Comment améliorer les relations entre la direction technique nationale et les clubs ? Où reste le debriefing du tournoi argentin que nous attendons depuis plus de cinq mois ? Pourquoi les clubs ne participent-ils pas à la correction des lacunes des joueurs ? Pourquoi rencontrons-nous si peu de cadres lors d’évènements importants comme lors des Playoffs ? Les interrogations fusent et la démarche est sincère. Etienne Tys n’a qu’une seule intention, permettre à la Belgique de poursuivre sa progression vers le plus haut niveau.

« Quand je me pose la question de l’opportunité d’inclure des belges dans le staff de l’équipe A, je ne remets pas en cause la compétence du staff actuel. Sa grande qualité et son expertise ne sont plus à démontrer. Mais quels seront les choix le jour où Adam Commens ou Colin Batch partiront vers d’autres objectifs ? Quel investissement  faisons-nous pour former un coach belge de plus haut niveau ? Je sais que certains jeunes entraîneurs prometteurs sont déjà inclus dans l’encadrement des dames et des U 21, mais ce n’est pas suffisant. »

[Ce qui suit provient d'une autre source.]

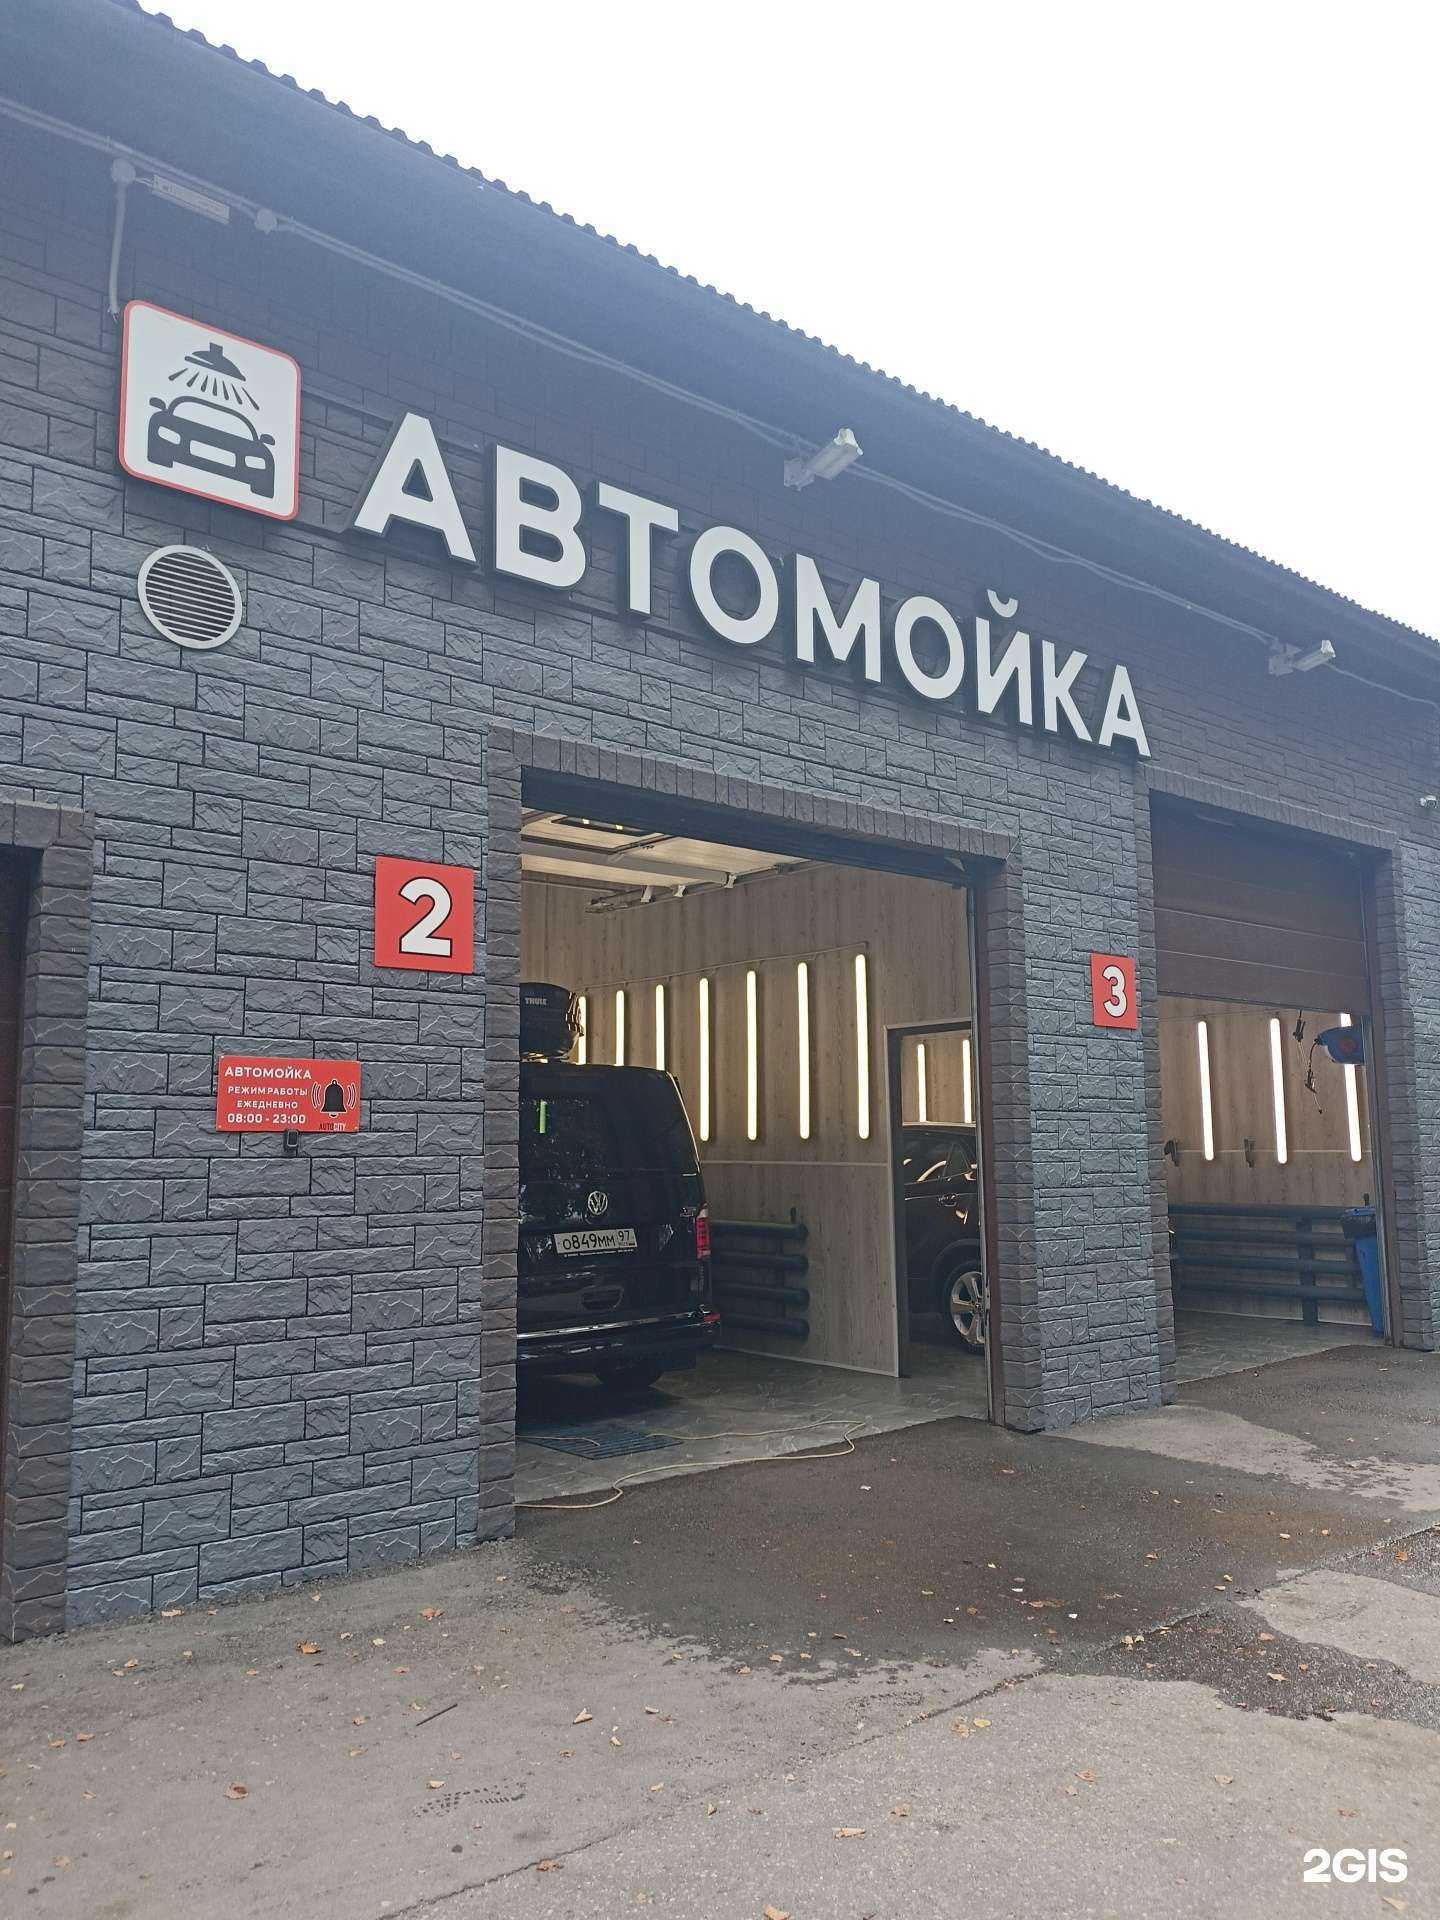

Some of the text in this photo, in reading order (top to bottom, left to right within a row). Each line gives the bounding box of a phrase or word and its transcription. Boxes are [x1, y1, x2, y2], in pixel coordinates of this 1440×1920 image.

Et si toute une série de questions concerne une vision stratégique à long terme qui incombe à la Fédération et sa direction technique, d’autres sont nettement plus terre à terre. Pour le coach des champions de Belgique, il est ainsi grand temps d’offrir un repos bien mérité aux internationaux qui enchaînent les saisons à un rythme d’enfer. « Les joueurs sont sur le grill des rendez-vous internationaux depuis quatre ans et plus. Ne pourrait-on pas leur accorder un programme réduit ? Les joueurs sont saturés. C’est une des raisons des défections précoces de joueurs importants comme Thomas Van den Balck. Et, à ce moment-là, nous en revenons inévitablement à la collaboration avec les clubs. C’est faux de croire que déléguer l’entraînement des joueurs élites aux clubs constitue un appauvrissement. Et si le staff national pense à tort que c’est le cas, qu’il mette en place les outils pour modifier la situation. »

La seule volonté d’Etienne Tys est de susciter le débat pour faire avancer, encore et encore, la professionnalisation de la formation et de l’encadrement des équipes nationales depuis les équipes d’âges. Et là, l’homme fort du Watducks a donné un bon gros coup de pied dans la fourmilière.

Laurent Toussaint, In Le Soir, lundi 12 avril 2010.